In beschränkten Studien drohen Engpässe für heimische Maturanten. Die SPÖ-Front gegen Zugangsbeschränkungen bröckelt. Der Grund für den Anstieg liegt in den doppelten Abiturjahrgängen nach einer Bildungsreform.

Salzburg/Wien. Dass es im Herbst so weit sein würde, war allen klar – allein, wie viele es sein würden, traute sich bis vor Kurzem kaum jemand zu prognostizieren. Seit Donnerstag liegen nun an den besonders stark betroffenen Unis erste Zahlen zum befürchteten Ansturm deutscher Studienwerber vor. Und diese sind selbst für Pessimisten überraschend hoch: Erstmals haben sich an der grenznahen Uni Salzburg mehr Deutsche als Österreicher vorangemeldet.
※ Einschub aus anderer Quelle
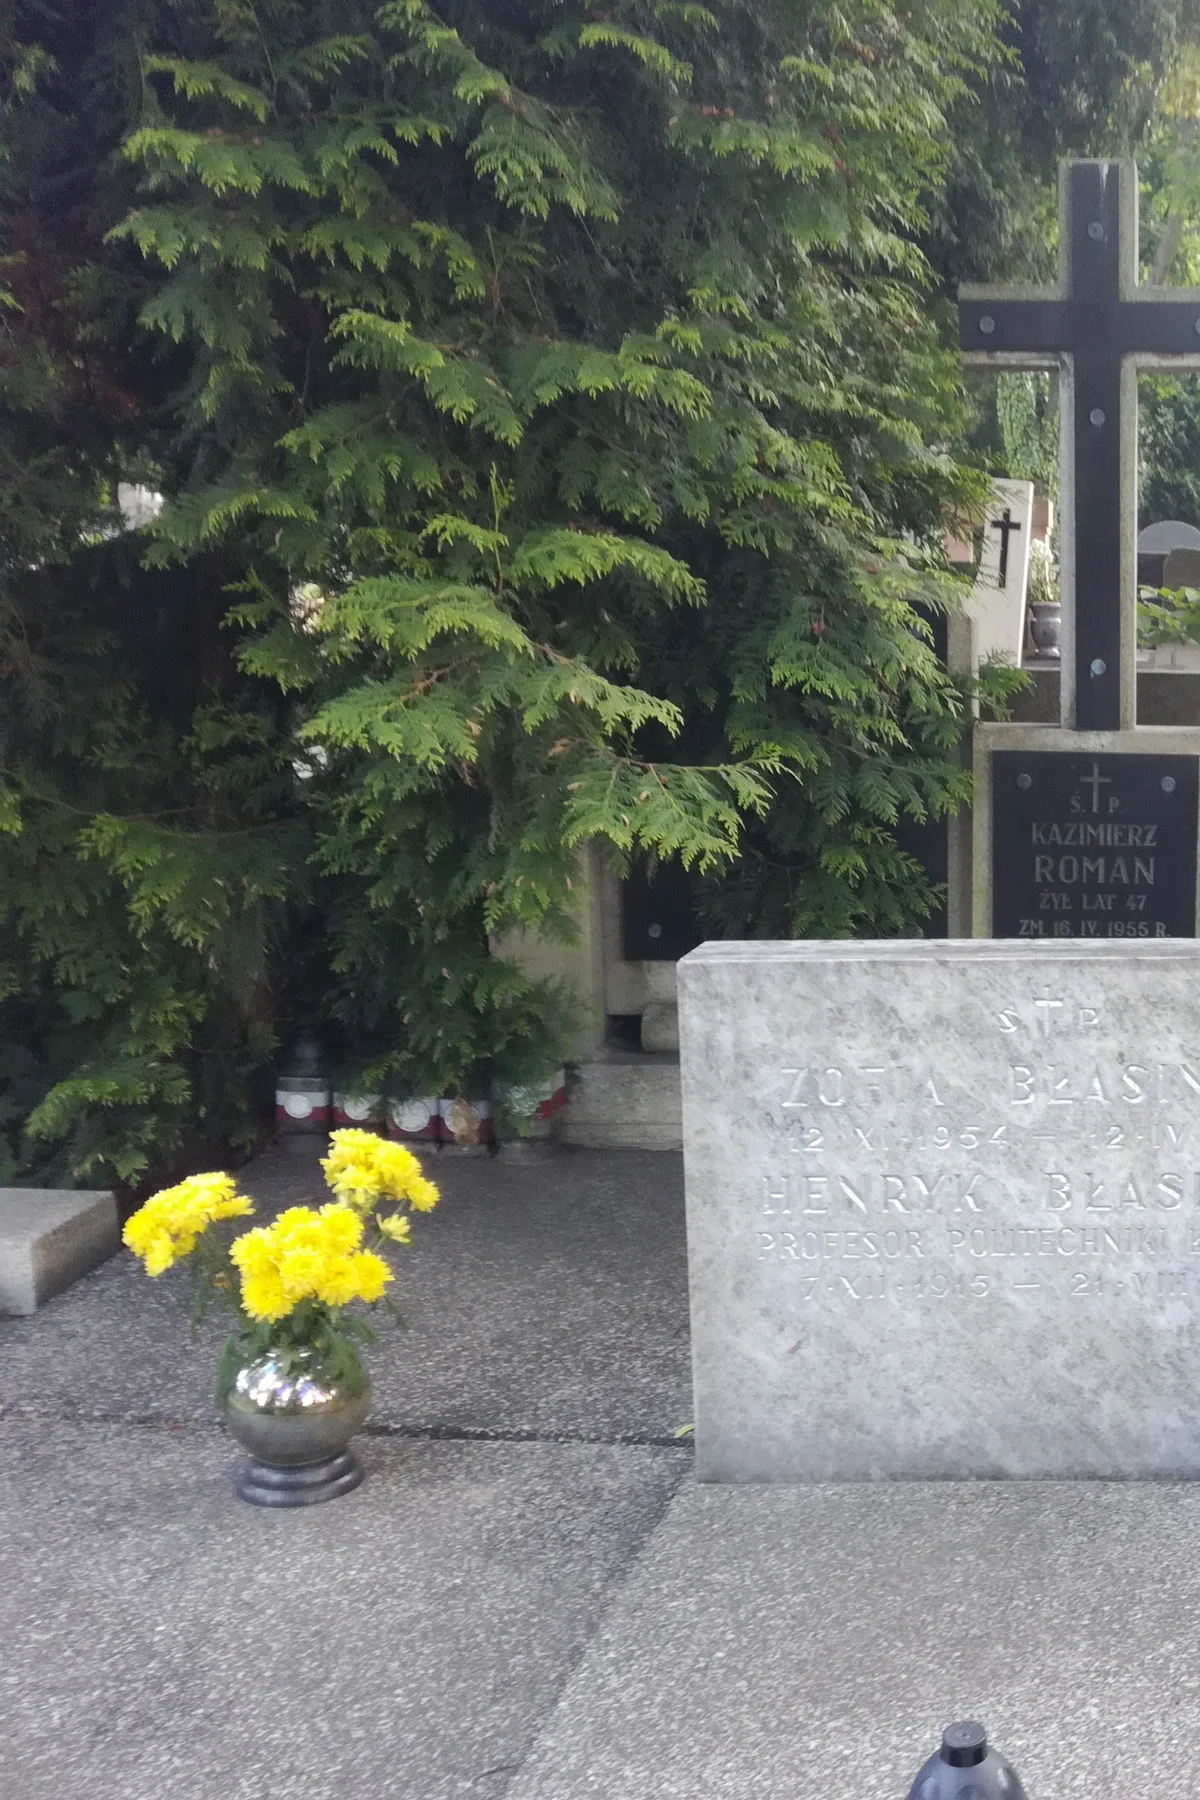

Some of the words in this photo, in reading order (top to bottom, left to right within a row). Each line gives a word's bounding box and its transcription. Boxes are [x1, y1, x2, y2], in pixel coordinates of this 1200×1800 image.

[1031, 822, 1159, 848] KAZIMIERZ
[1034, 855, 1156, 885] ROMAN
[1082, 893, 1117, 910] LAT
[1125, 894, 1148, 911] 47
[1107, 921, 1150, 937] 1955
[780, 1066, 945, 1107] ZOFIA
[761, 1174, 985, 1215] HENRYK
[757, 1229, 927, 1260] PROFESOR
[947, 1227, 1167, 1257] POLITECHNIKI
Rund 43 Prozent der 1566 Angemeldeten (Stand 1. August, die Frist läuft noch bis Ende des Monats) stammen aus Deutschland; 39 Prozent haben ein österreichisches Maturazeugnis. Zum Vergleich: Im Jahr 2010 waren 27 Prozent der Erstsemestrigen Deutsche.
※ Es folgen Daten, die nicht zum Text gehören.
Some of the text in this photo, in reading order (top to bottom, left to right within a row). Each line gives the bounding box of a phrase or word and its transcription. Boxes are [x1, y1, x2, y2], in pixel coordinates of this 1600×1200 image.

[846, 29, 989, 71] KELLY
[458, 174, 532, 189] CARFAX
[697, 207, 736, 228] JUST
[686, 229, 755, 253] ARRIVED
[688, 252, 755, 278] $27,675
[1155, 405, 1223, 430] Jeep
Ähnlich die Lage in Tirol: An der Uni Innsbruck hält sich die Zahl der deutschen und der österreichischen Bewerber etwa die Waage, wie es auf „Presse“-Anfrage heißt: Mit Stichtag 26. Juli gab es 3295 externe Voranmeldungen – davon rund 43,6 Prozent mit österreichischem Wohnsitz, rund 40,2 Prozent mit deutschem und rund 10,9 Prozent mit italienischem Wohnsitz (vermutlich vorwiegend Südtiroler). Unter den „klassischen Erstsemestrigen“ dürften die Österreicher in diesem Herbst in der Minderheit sein.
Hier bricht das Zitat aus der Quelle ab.